PUBLIC OBJECT

Abstractions are difficult

Someone recently sent me a link to an IBM slide deck on collections implementations. It has examples of the many ways Java programs can waste memory.

It reminds me of why coding is difficult:

  • Using abstraction is expensive. Even careful, appropriate abstractions slow down the application by adding load to the hardware. This may cost each user tens or hundreds of milliseconds each time they run the application.
  • Not using abstraction is expensive. Avoiding careful, appropriate abstractions slows down the application's development. This may cost each developer several minutes or hours each time they modify the application.

I love the rare abstractions that are implemented more efficiently than the corresponding low level code. Here's three of my favorites:

  • Guava's ImmutableSet.
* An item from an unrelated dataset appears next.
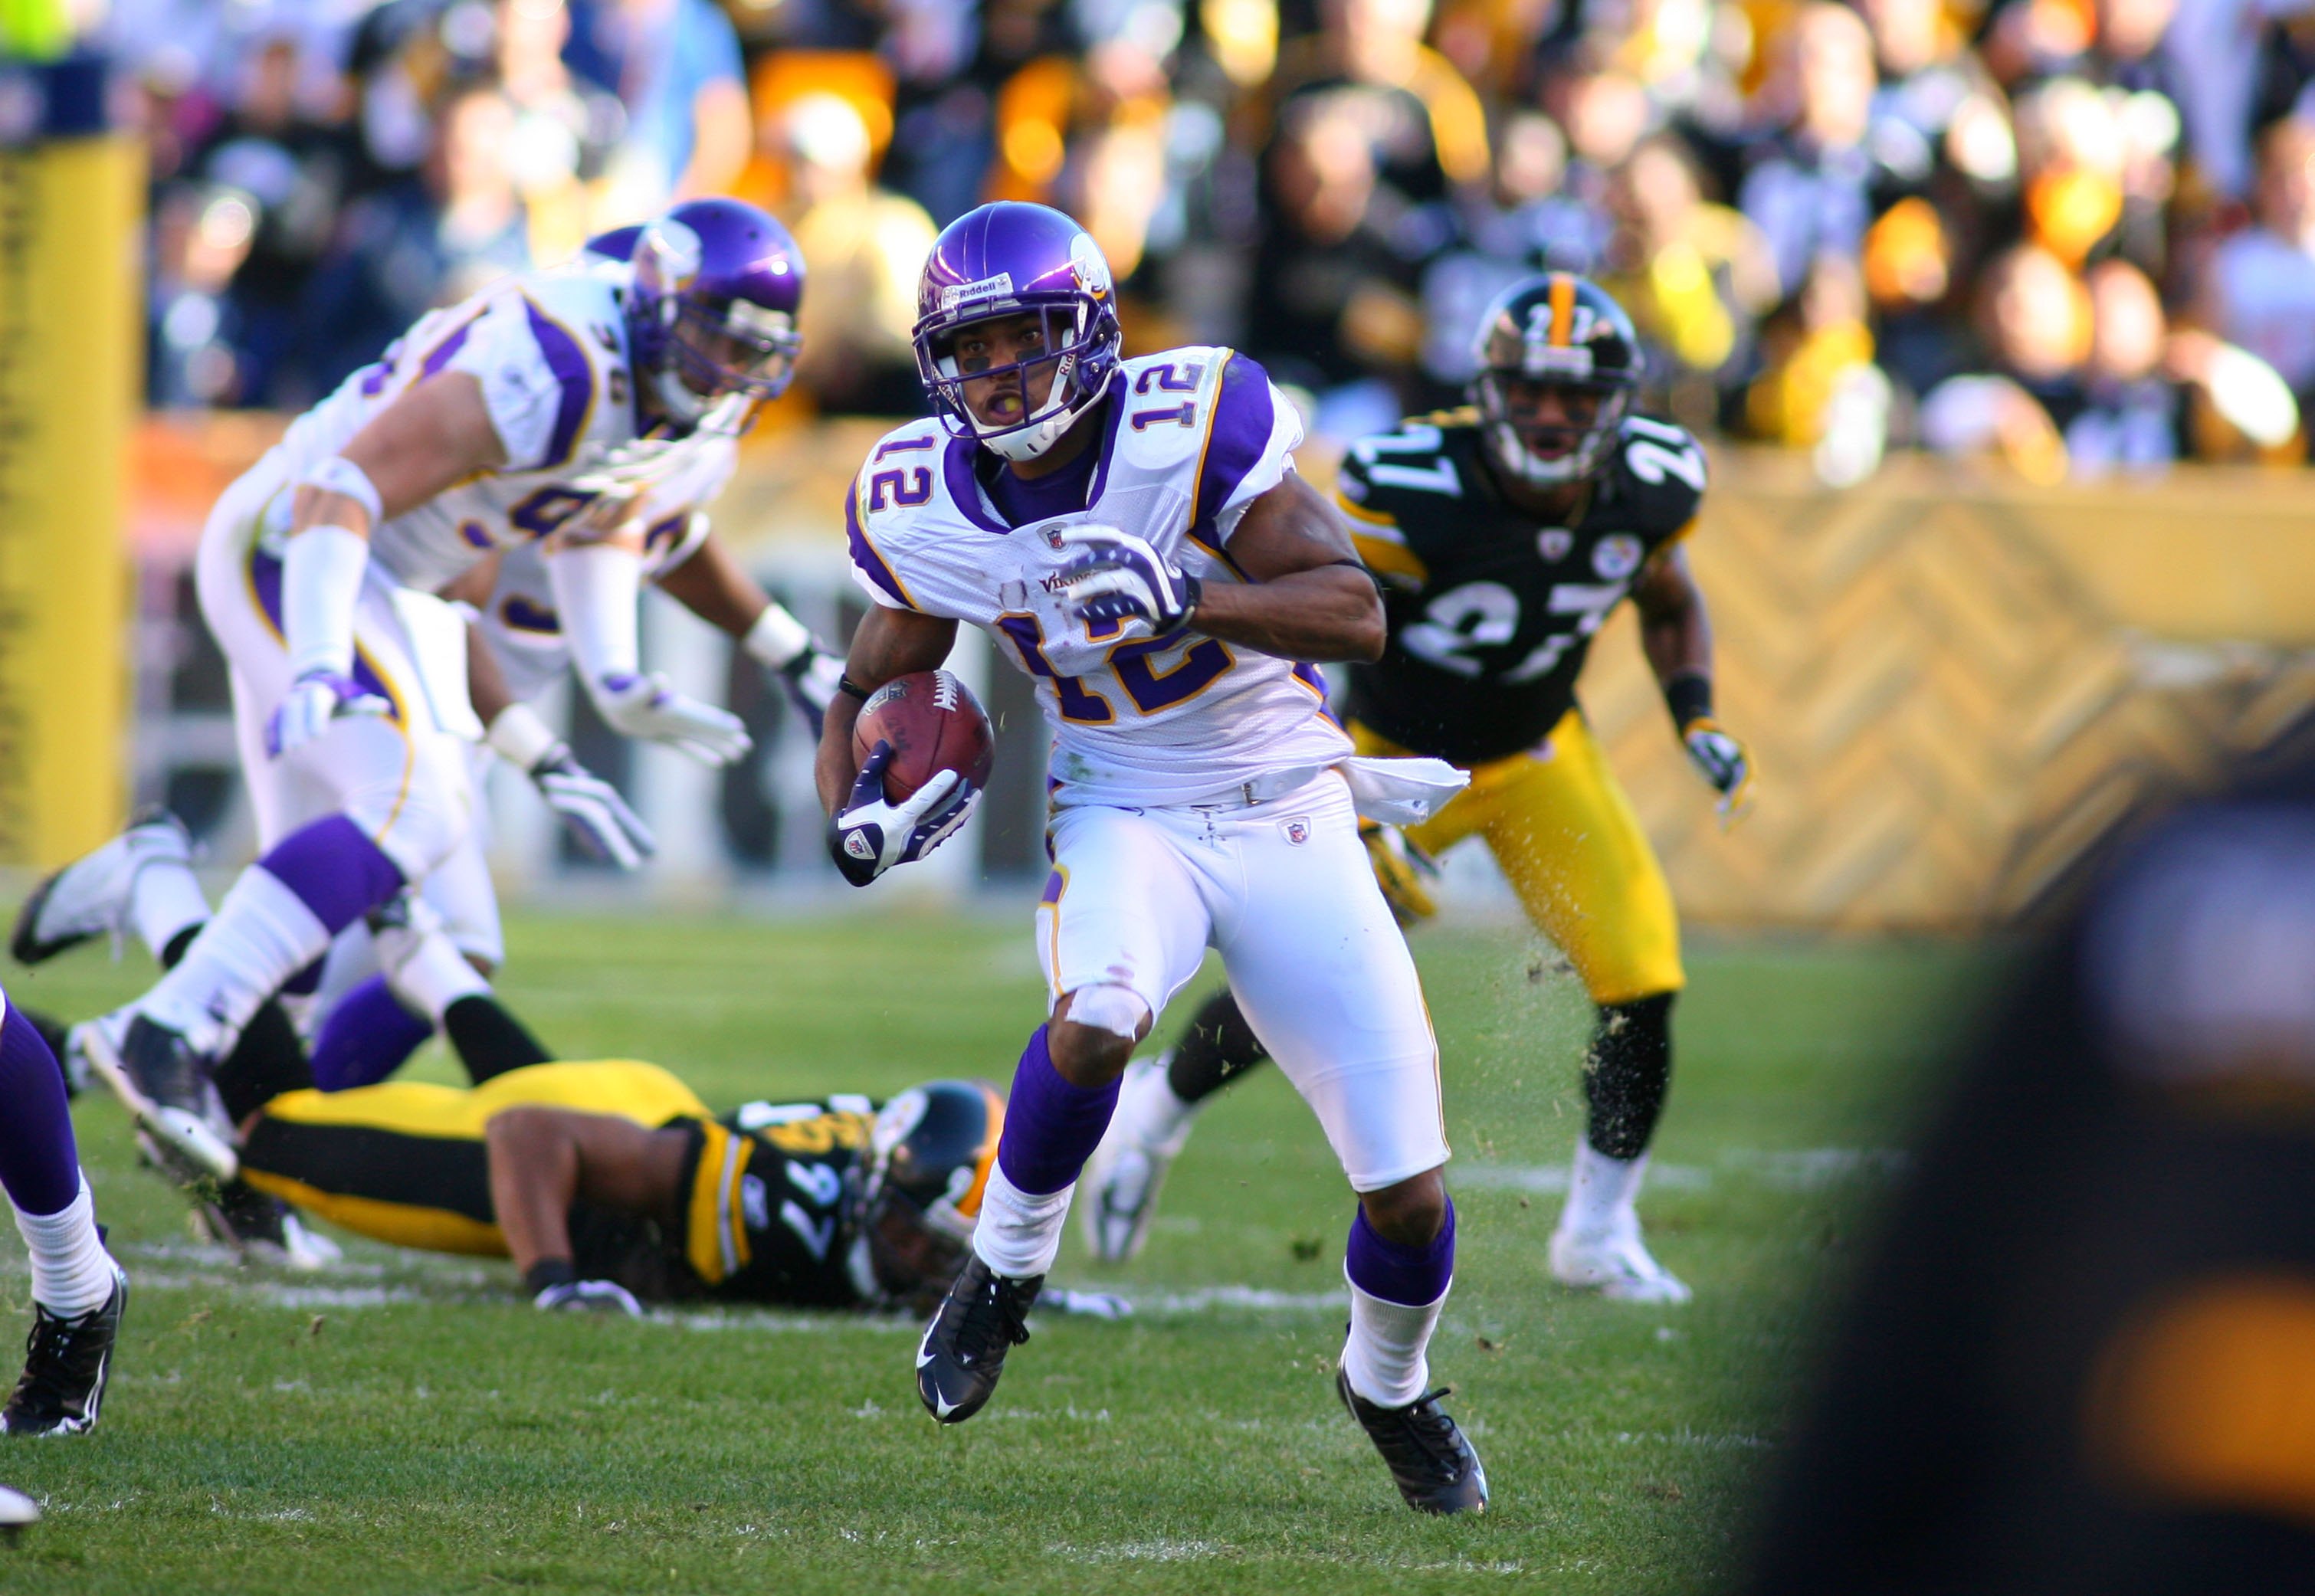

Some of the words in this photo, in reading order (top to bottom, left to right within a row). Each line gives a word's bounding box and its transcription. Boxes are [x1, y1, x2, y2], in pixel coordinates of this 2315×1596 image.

It gives you an unbreakable promise that the data won't change. And it has space and time-efficient implementations for empty, singleton, and multiple-element collections.
  • Gson 2's new data binding. It gives you automatic conversion from a JSON stream to a Java object. And by knowing the target's type, it can aggressively skip parsing values that it knows won't be used.
  • Android's String.split(). It gives you a short, efficient way to break up a string with a regex delimiter. And by special-casing splits on single-character literals, it avoids creating a java.util.regex.Pattern if one is not needed.

To me, discovering one of these too-good-to-be-true abstractions is like a coal miner finding a diamond.